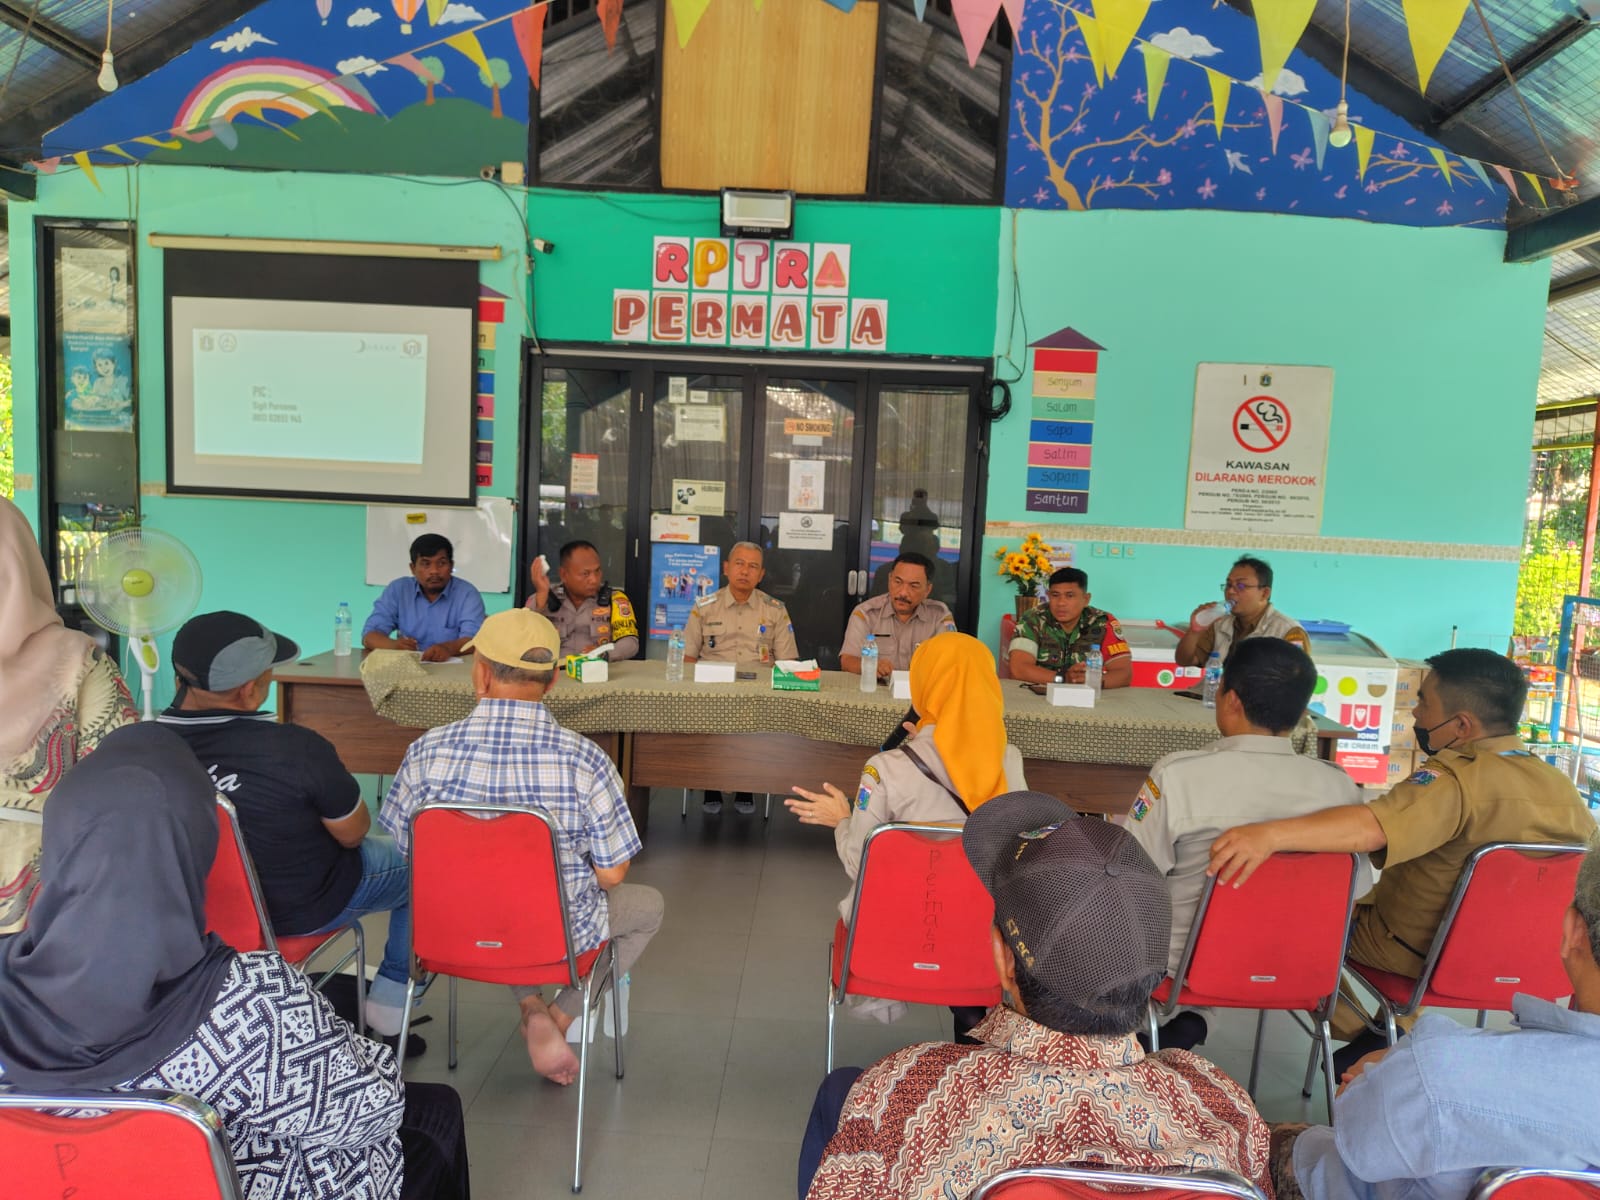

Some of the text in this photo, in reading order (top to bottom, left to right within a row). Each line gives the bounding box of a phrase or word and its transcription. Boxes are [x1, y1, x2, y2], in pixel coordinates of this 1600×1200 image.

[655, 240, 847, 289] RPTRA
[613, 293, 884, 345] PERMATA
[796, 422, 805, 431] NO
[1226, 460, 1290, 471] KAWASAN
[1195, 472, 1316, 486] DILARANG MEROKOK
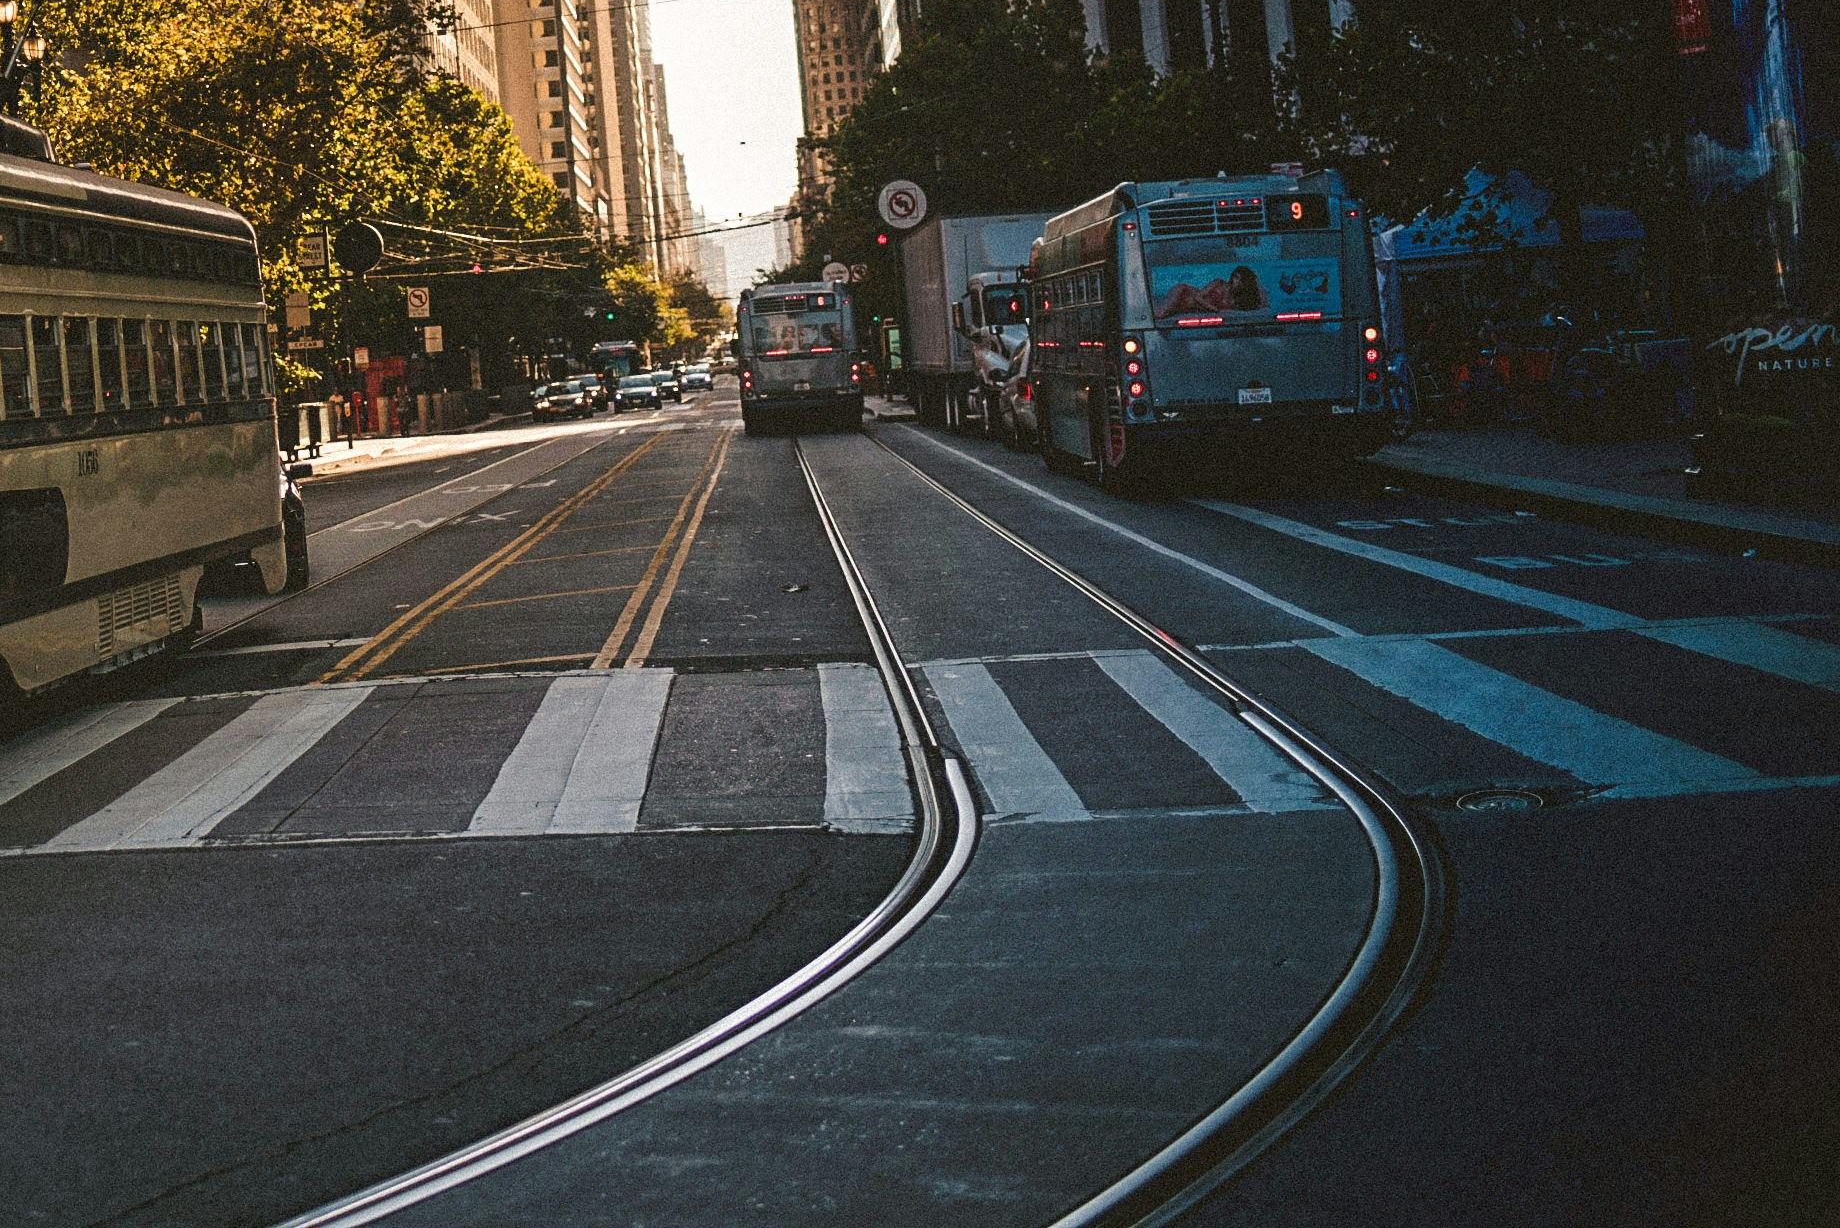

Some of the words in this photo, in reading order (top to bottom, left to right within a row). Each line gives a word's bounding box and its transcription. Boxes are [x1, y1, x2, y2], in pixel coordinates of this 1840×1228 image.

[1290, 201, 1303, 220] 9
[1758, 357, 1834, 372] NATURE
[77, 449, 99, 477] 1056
****
▸ **Work instructions**
Without the images, write out each line of the data verbatim.

▸ **Written response**
Some of the text in this photo, in reading order (top to bottom, left to right within a row). Each line gives the bounding box of a phrase or word and its transcription. Boxes are [x1, y1, x2, y2], in pixel coordinates of this 1600×1200 image.

[655, 240, 847, 289] RPTRA
[613, 293, 884, 345] PERMATA
[796, 422, 805, 431] NO
[1226, 460, 1290, 471] KAWASAN
[1195, 472, 1316, 486] DILARANG MEROKOK

Some of the words in this photo, in reading order (top to bottom, left to right within a row). Each line gives a word's bounding box and its transcription. Boxes are [x1, y1, x2, y2], in pixel coordinates of this 1840×1228 image.

[1290, 201, 1303, 220] 9
[1758, 357, 1834, 372] NATURE
[77, 449, 99, 477] 1056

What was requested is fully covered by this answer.